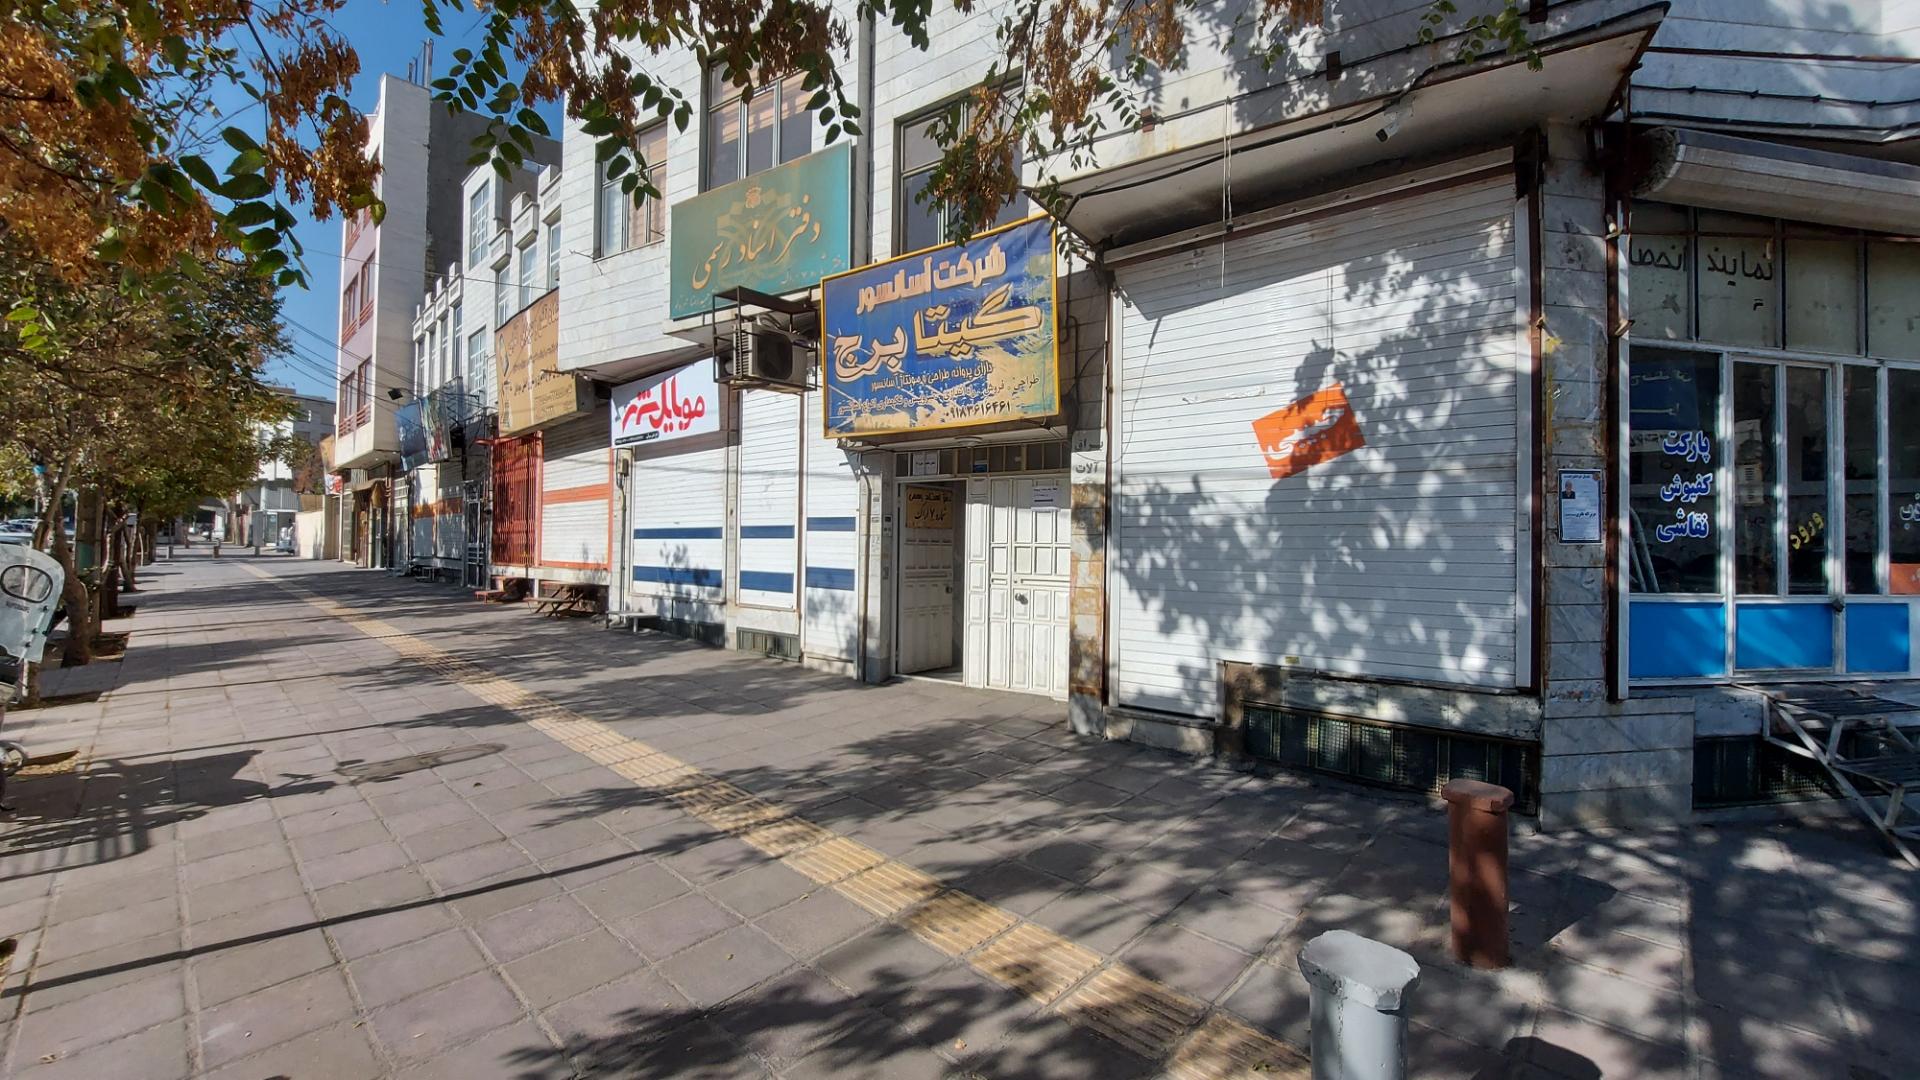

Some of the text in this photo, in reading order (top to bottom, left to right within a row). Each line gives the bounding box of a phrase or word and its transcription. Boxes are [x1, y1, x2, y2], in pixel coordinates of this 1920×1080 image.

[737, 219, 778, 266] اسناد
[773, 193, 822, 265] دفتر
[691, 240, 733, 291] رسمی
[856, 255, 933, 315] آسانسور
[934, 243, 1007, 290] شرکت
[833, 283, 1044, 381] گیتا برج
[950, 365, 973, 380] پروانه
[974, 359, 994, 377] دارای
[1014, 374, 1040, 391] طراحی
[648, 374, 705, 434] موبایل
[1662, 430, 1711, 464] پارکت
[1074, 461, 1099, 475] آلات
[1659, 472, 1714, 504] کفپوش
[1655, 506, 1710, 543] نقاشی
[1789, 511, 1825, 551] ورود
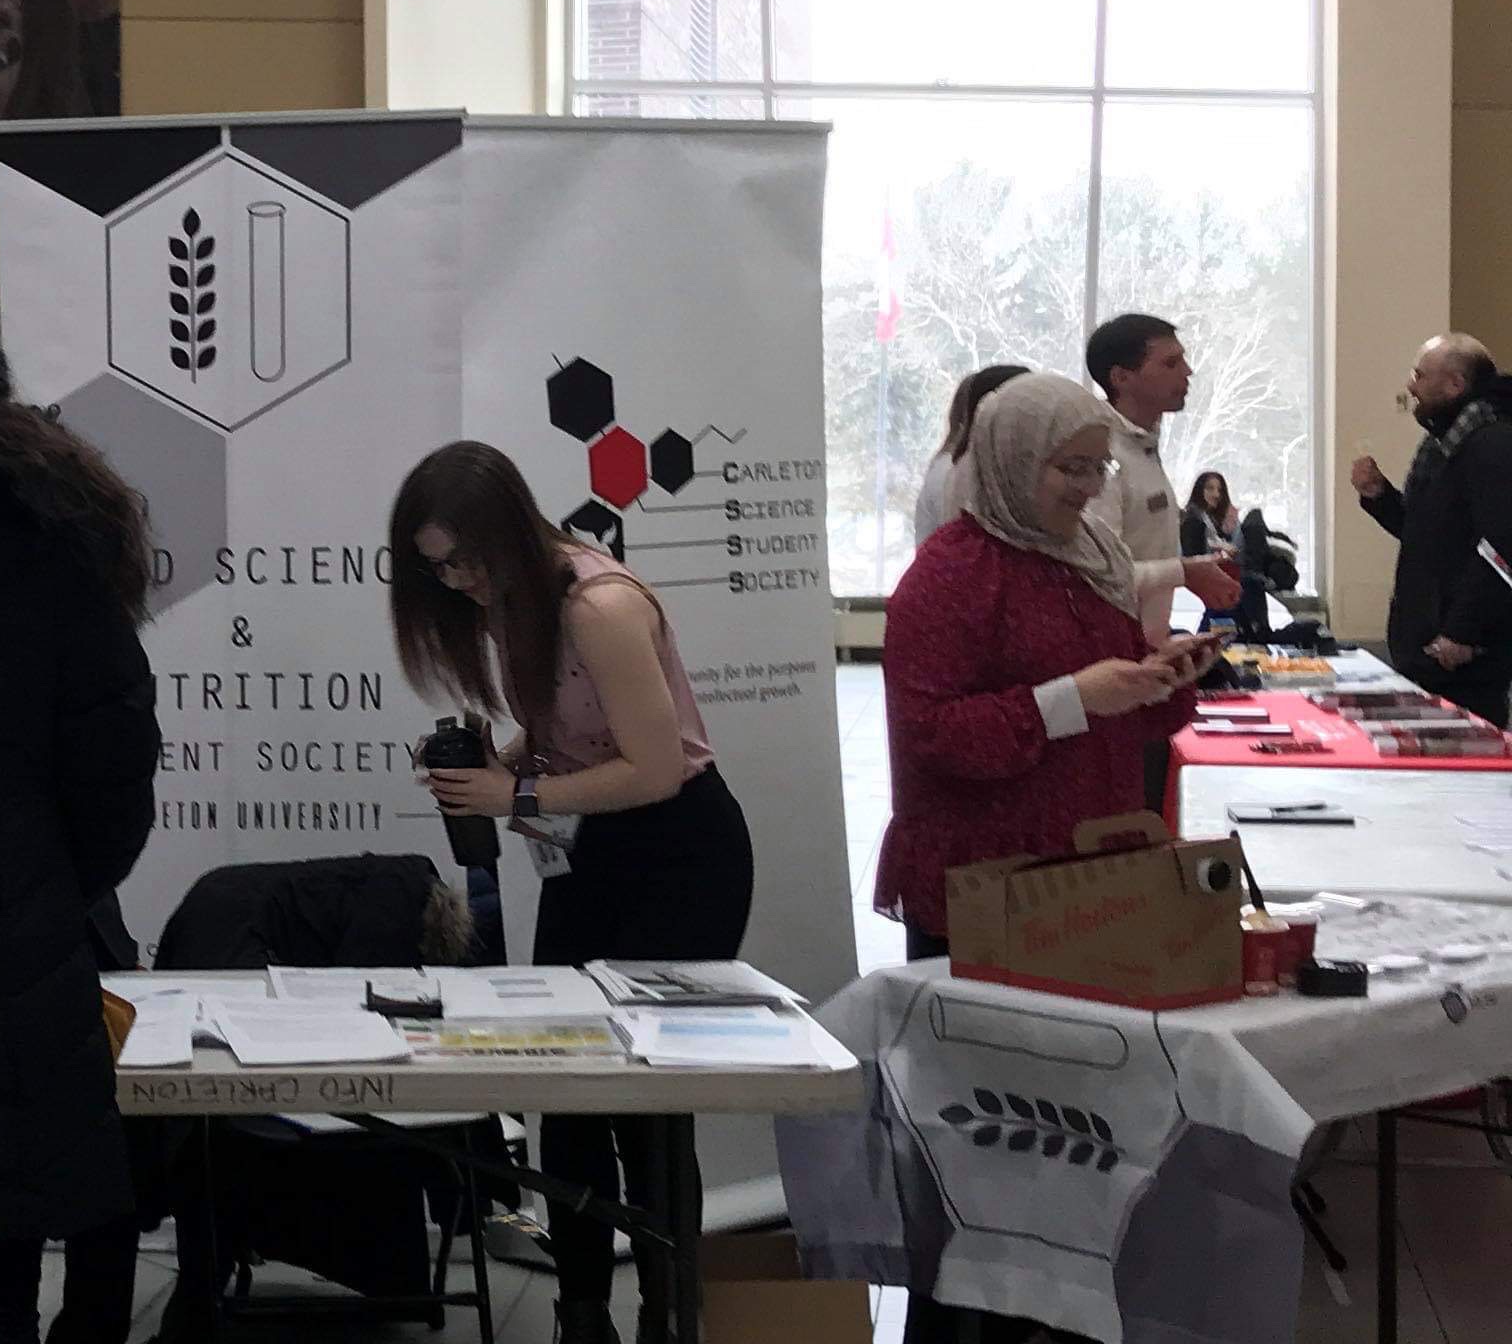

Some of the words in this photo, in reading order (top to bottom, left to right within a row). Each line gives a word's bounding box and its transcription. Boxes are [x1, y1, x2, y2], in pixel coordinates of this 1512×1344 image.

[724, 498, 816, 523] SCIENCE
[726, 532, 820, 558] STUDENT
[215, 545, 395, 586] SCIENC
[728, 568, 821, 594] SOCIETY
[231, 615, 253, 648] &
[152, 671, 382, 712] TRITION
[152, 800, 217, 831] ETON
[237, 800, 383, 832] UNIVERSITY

What is required:
Set down the data exactly as it appears, without any images.

Solution to this task:
Some of the text in this photo, in reading order (top to bottom, left to right within a row). Each line gives the bounding box of a phrase or word and its transcription. Boxes are [x1, y1, x2, y2], in pixel coordinates of this 1920×1080 image.

[737, 219, 778, 266] اسناد
[773, 193, 822, 265] دفتر
[691, 240, 733, 291] رسمی
[856, 255, 933, 315] آسانسور
[934, 243, 1007, 290] شرکت
[833, 283, 1044, 381] گیتا برج
[950, 365, 973, 380] پروانه
[974, 359, 994, 377] دارای
[1014, 374, 1040, 391] طراحی
[648, 374, 705, 434] موبایل
[1662, 430, 1711, 464] پارکت
[1074, 461, 1099, 475] آلات
[1659, 472, 1714, 504] کفپوش
[1655, 506, 1710, 543] نقاشی
[1789, 511, 1825, 551] ورود

Some of the words in this photo, in reading order (top to bottom, left to right within a row). Each line gives a word's bounding box and its transcription. Boxes are [x1, y1, x2, y2], in pixel coordinates of this 1512×1344 image.

[724, 498, 816, 523] SCIENCE
[726, 532, 820, 558] STUDENT
[215, 545, 395, 586] SCIENC
[728, 568, 821, 594] SOCIETY
[231, 615, 253, 648] &
[152, 671, 382, 712] TRITION
[152, 800, 217, 831] ETON
[237, 800, 383, 832] UNIVERSITY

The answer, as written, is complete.